What we do next is, and Dr. Susan David says this is a natural cognitive function, our minds tries to fill in the blanks.
So we may go online to find out more, it’s highly likely we will go onto social media which can be very dangerous to find out information, or we will sit there and run over what might happen – and this is usually worst case scenario!
I think you’ll agree that all these actions lead to making the anxiety and fear worse, not better!
So what can or should we do?
Well, rather than mindlessly getting stuck into Facebook or twitter, ask yourself, when you’re feeling fear or anxiety, is going online what you need? Is that what those emotions you’re feeling, telling you to do?
I mentioned earlier that what if our emotions aren’t good or bad, they are simply emotions, and what if they were telling us something, such as certain needs are not being met.
So if you are feeling fearful and anxious, from being isolated and lonely, it’s highly likely that you are not having meaningful interactions. Be compassionate and kind to yourself. This is totally natural and I can say with certainty you are not alone.
It may be that you are isolated with one or more loved ones, so you say to yourself, this can’t be right that I feel this way, as that means I’m not having meaningful connections with my loved ones I’m isolated with!
Again, be kind to yourself. You are likely to be having meaningful connections with the one or more loved ones you’re isolated with, but for your personal needs, that’s not enough.
So be compassionate with yourself, don’t judge yourself. Think of someone else you can contact.
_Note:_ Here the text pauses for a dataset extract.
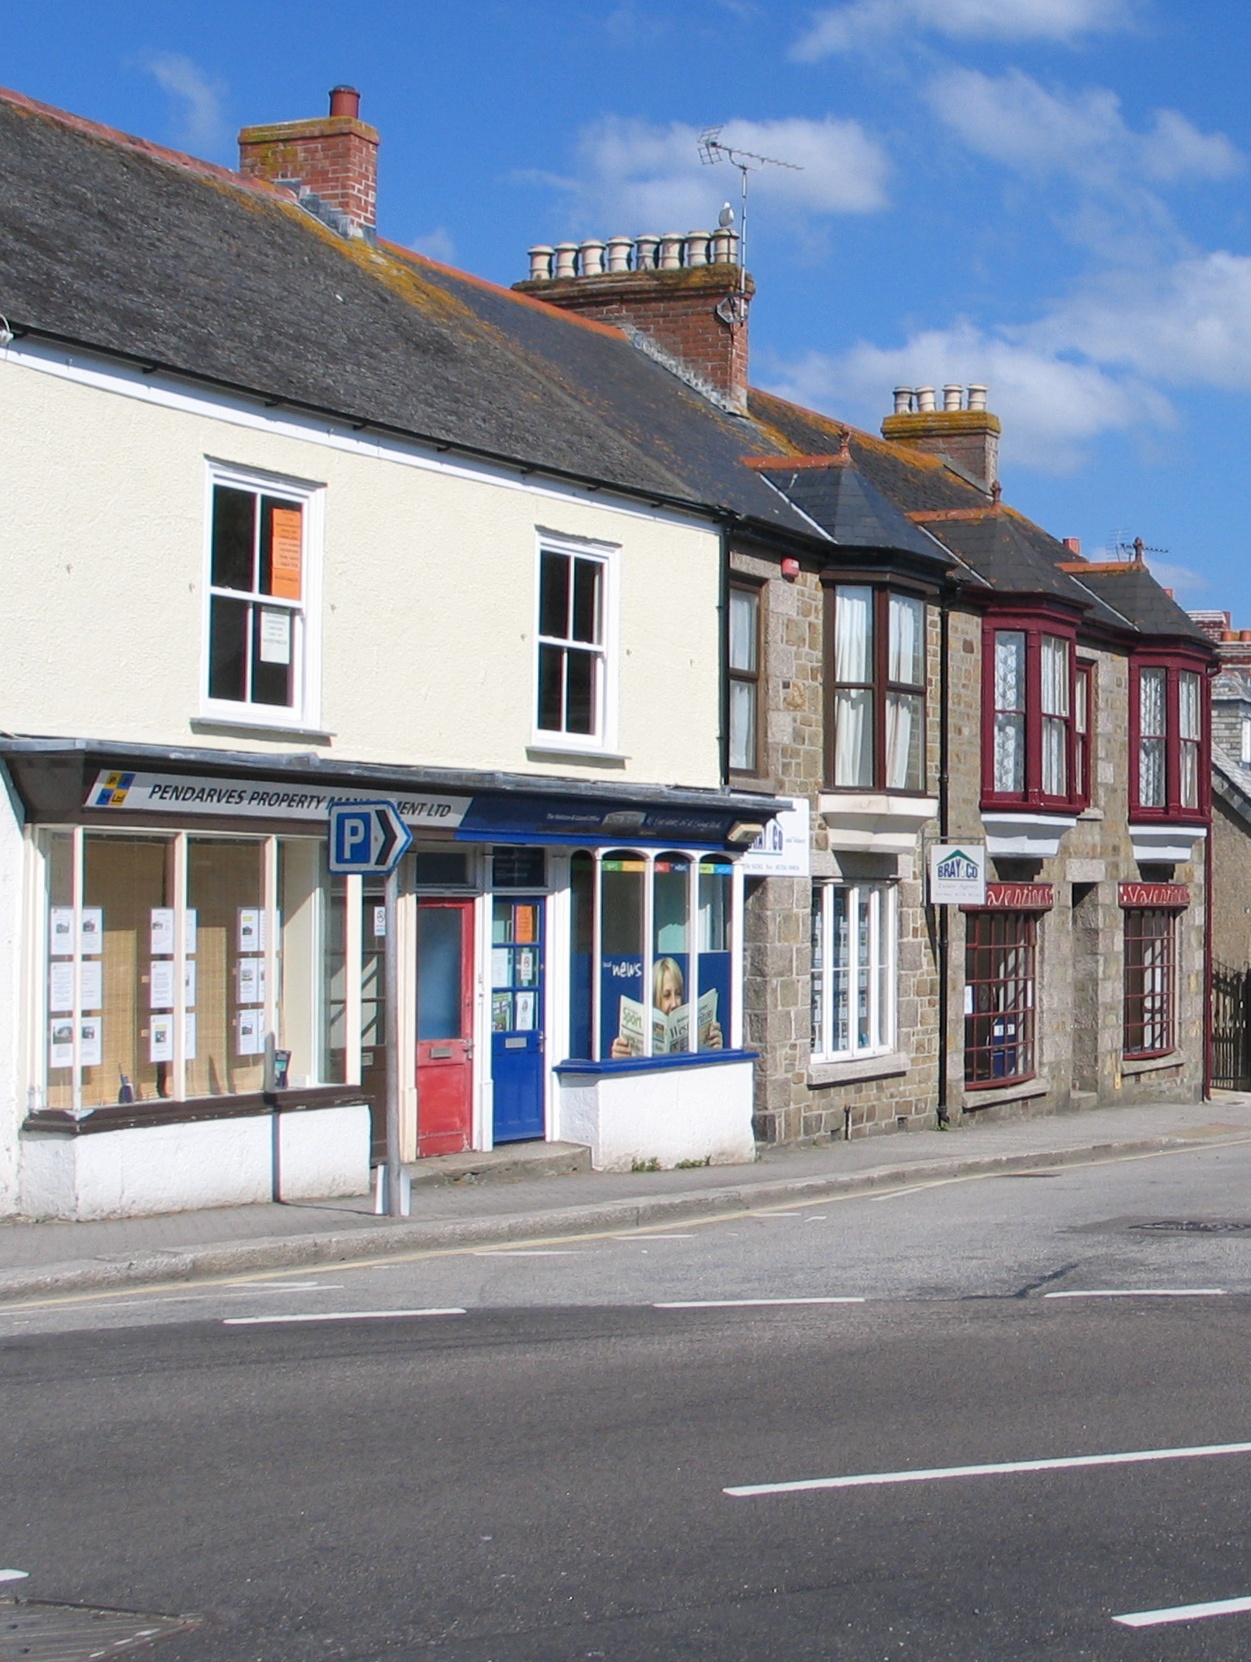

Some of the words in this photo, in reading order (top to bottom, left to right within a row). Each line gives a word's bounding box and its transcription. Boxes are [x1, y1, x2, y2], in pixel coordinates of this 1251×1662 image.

Text them, email them, phone them, video call them. Maybe someone you’ve not spoken with for ages and keep putting off. Maybe someone you fell out with over something stupid, it may be the case you cant even remember why you fell out in the first place 🙂
So to sum up, loneliness isn’t about being alone, it’s about not having enough meaningful connections. Fear and anxiety during isolation are completely natural emotions to have, they’re not bad and we shouldn’t push them away or bottle them up. We should face them and ask, what are my emotions telling me I need?
And finally, remember that you are not your emotions, try to recognise them as simply emotions, your way of telling you something is happening. If it helps, look at it this way.
Next time you are feeling afraid, instead of saying “I am afraid”, say “I am feeling afraid, what is this feeling telling me?”
Stay connected and look after yourselves.